PROBLEM REQUIREMENTS:
Where an entry contains a picture, omit the picture and repeat the rest exactly.

PROVIDED DATA:
>>>>>

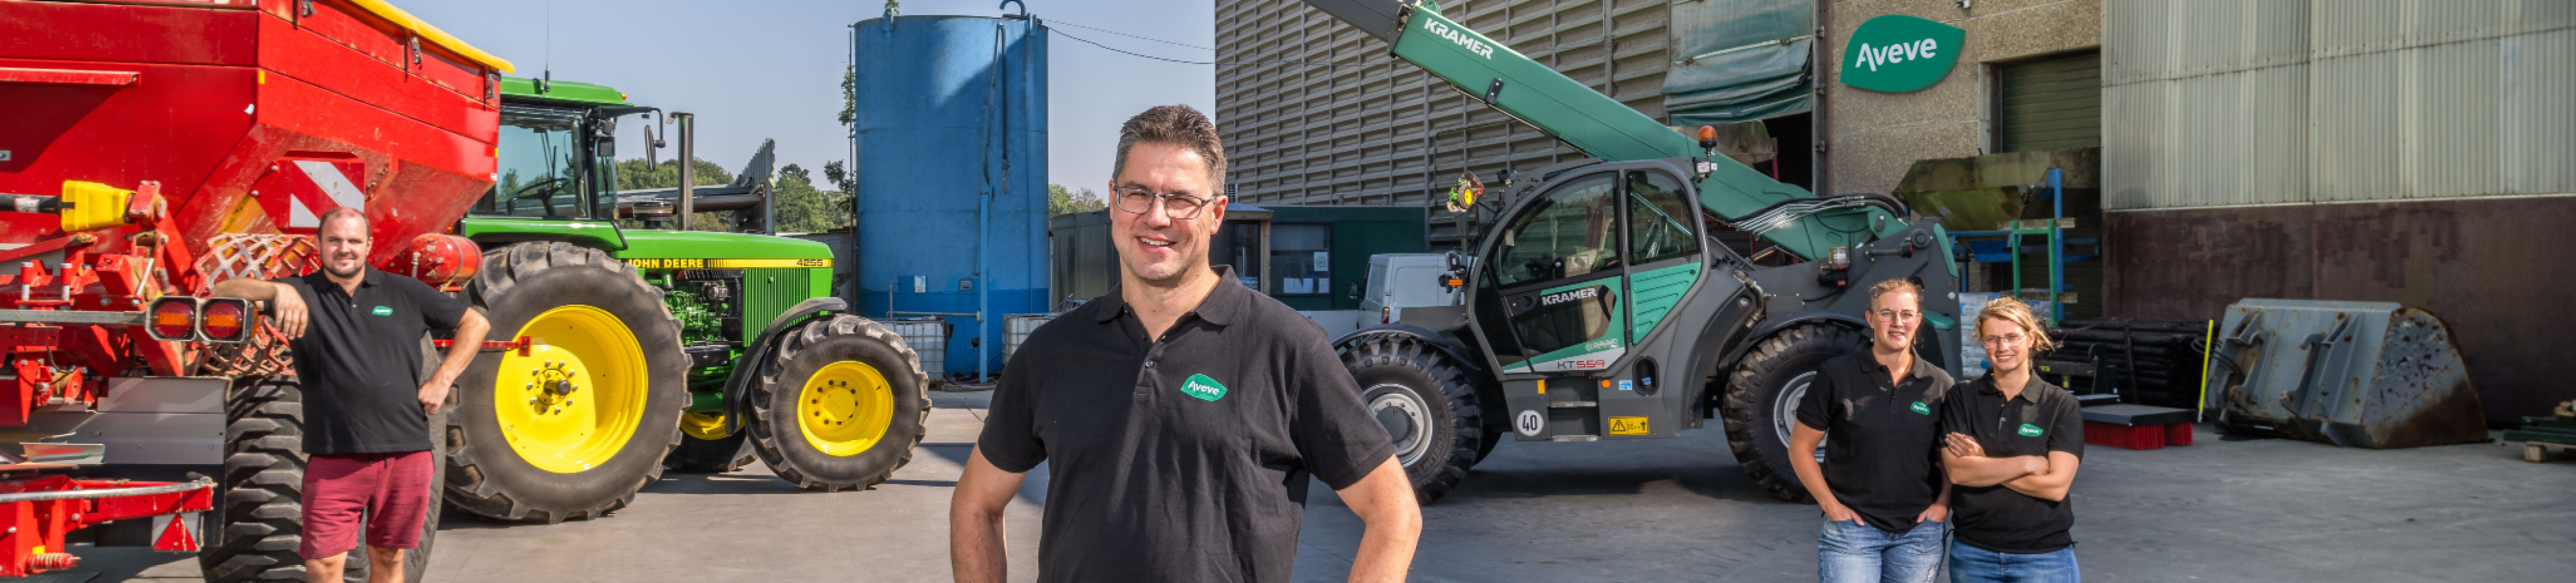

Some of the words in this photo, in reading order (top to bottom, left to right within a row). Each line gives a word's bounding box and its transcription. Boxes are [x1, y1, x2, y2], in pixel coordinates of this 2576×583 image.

[1423, 17, 1493, 59] KRAMER
[1855, 38, 1937, 71] Aveve
[664, 259, 703, 267] DEERE
[1542, 288, 1597, 305] KRAMER
[1188, 380, 1219, 395] Aveve
[1522, 415, 1537, 430] 40

<<<<<

SOLUTION TO THE EXERCISE:
Some of the words in this photo, in reading order (top to bottom, left to right within a row). Each line gives a word's bounding box and its transcription. Boxes are [x1, y1, x2, y2], in pixel coordinates of this 2576×583 image.

[1423, 17, 1493, 59] KRAMER
[1855, 38, 1937, 71] Aveve
[664, 259, 703, 267] DEERE
[1542, 288, 1597, 305] KRAMER
[1188, 380, 1219, 395] Aveve
[1522, 415, 1537, 430] 40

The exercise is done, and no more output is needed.